En las historias de masculinidad, o en las mejores de ellas, siempre tiene que haber un cobarde. En Glaxo, en la historia de Vardermann, de Souza y de Barrios, hay uno. En el Último tren a Gun Hill, la historia dentro de la historia de Ronsino, hay otro. Pues ¿Cómo se mide la hombría si no hay alguno que no está a la altura? ¿Cómo puede ser una historia siquiera interesante si no hay alguien que retrocede, que es deleznable? El cine de acción de los 90 no tuvo la imaginación dramática de las generaciones anteriores; se contentaba con los efectos especiales y los personajes acartonados, de relleno, que hacían de coro al gran Movie Star. Acaso Karate Kid podría ser una de las mejores excepciones. Aun, la gran pantalla permite transmitir no solo con la historia, sino con los cuerpos. Y en Glaxo, en realidad, yo no estuve releyendo solo una novela de intriga en la pampa argentina.
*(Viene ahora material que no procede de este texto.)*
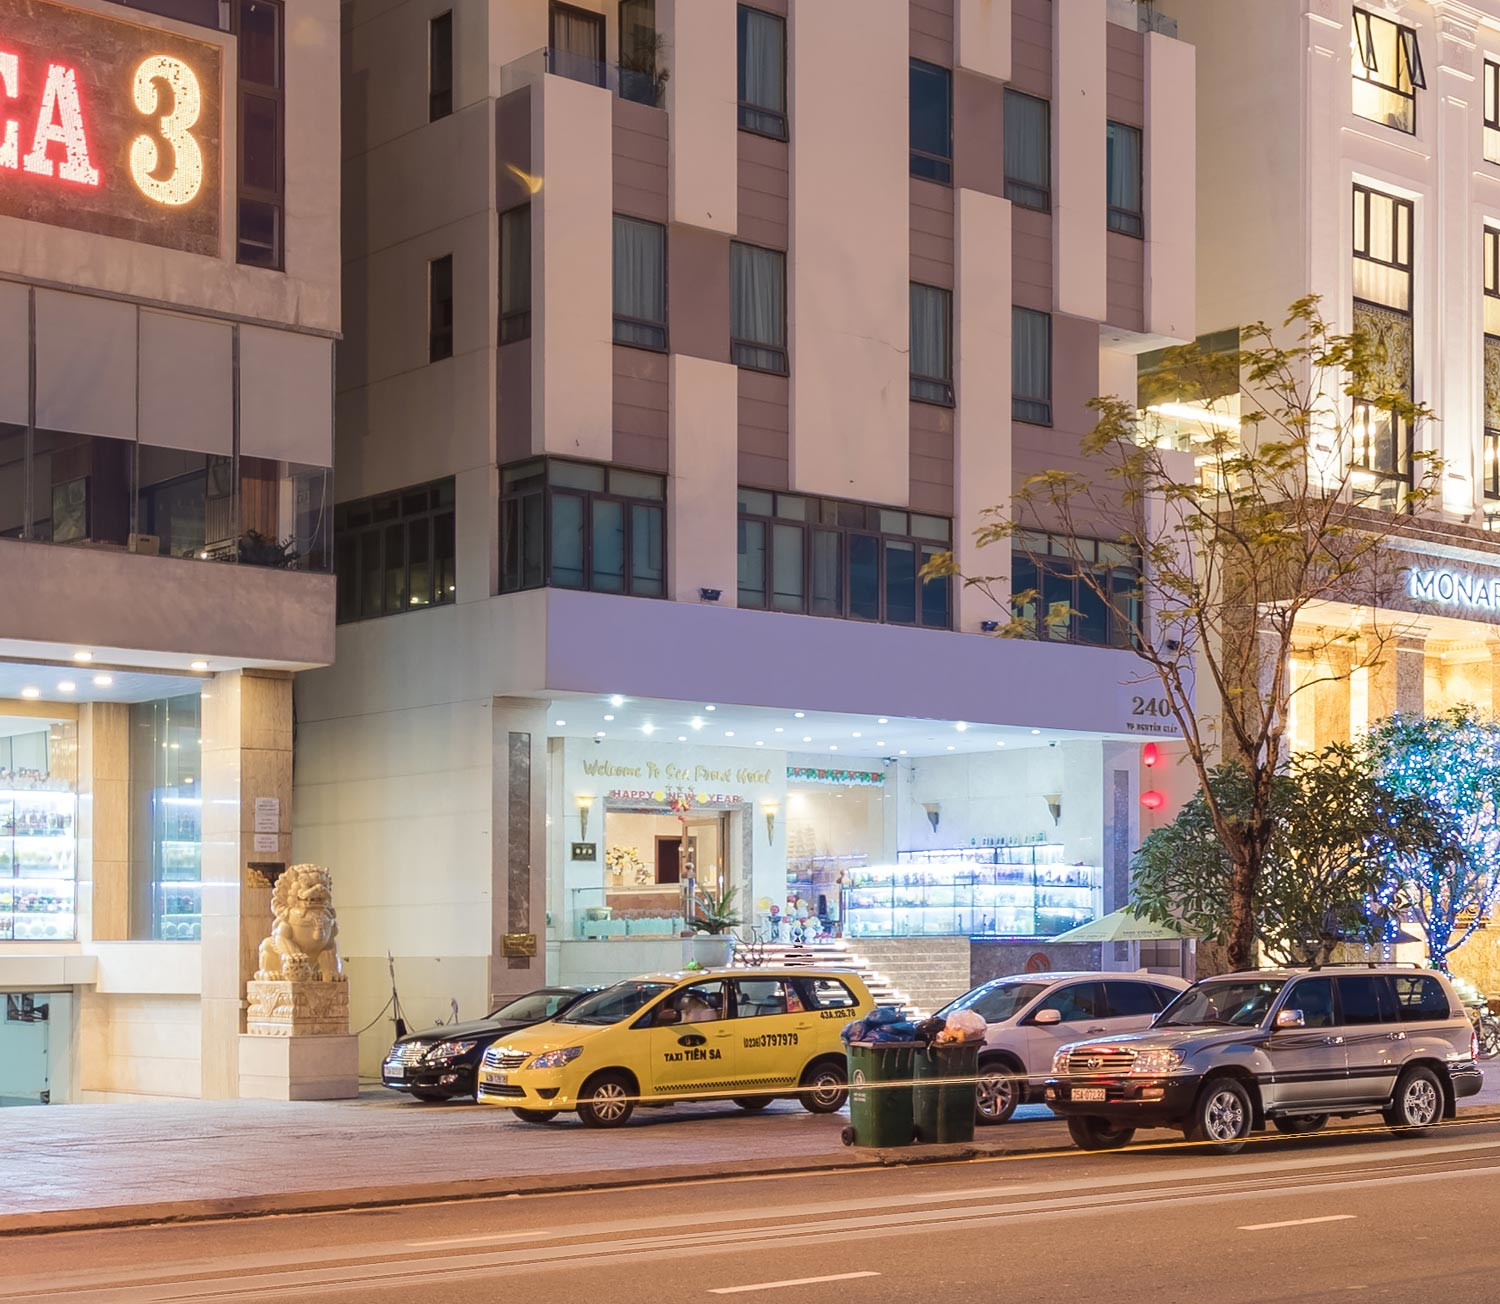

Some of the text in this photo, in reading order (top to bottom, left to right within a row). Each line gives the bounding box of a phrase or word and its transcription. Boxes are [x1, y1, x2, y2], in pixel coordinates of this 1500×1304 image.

Estuve releyendo mi elección por Jean-Claude Van Damme, por escogerlo como figura identificatoria, por querer dar patadas elásticas, por hacer brinquitos laterales, por golpear con la mano abierta, por usar gafas un poco femeninas. Quizás Van Damme, como John Wayne, era también una figura masculina algo agujereada, chueca. Van Damme tenía la tosquedad de Stallone y la aspereza de Willis solo de manera parcial: sus movimientos de karate eran fuertes, pero al mismo tiempo delicados, y el romance en sus películas tenía mucho de amor francés. Una generación masculina, si abusamos de Piglia, es una forma de hacerse hombre exactamente igual. Lo que no siempre está claro es que viene incluida su propia desviación, su propia deriva. Para que algo resuene tiene que venir, de algún modo, incompleto.
Supongo que, en algún tiempo, volveré a leer un libro de Ronsino, volveré a ver la Trilogía del Dólar de Sergio Leone, a mirar una compilado de los jabs de Tommy Hearns para reencontrarme con la idea de masculinidad en cada generación. O, más bien, con su imposibilidad. La imposibilidad de lo masculino en Vardemann, en Souza y en Barrios, es la misma en Mitchum, en Fonda y en Cooper, y en Leonard, Durán y Hagler. Y en Wayne. Y en Van Damme. Es la imposibilidad propia. El arte, si se trata de algo, es de eso. De transmitir una imposibilidad. Aunque a veces haya que leerla dos y tres veces. Las que hagan falta.
Rober
Lo imposible de la masculinidad, buena expresión.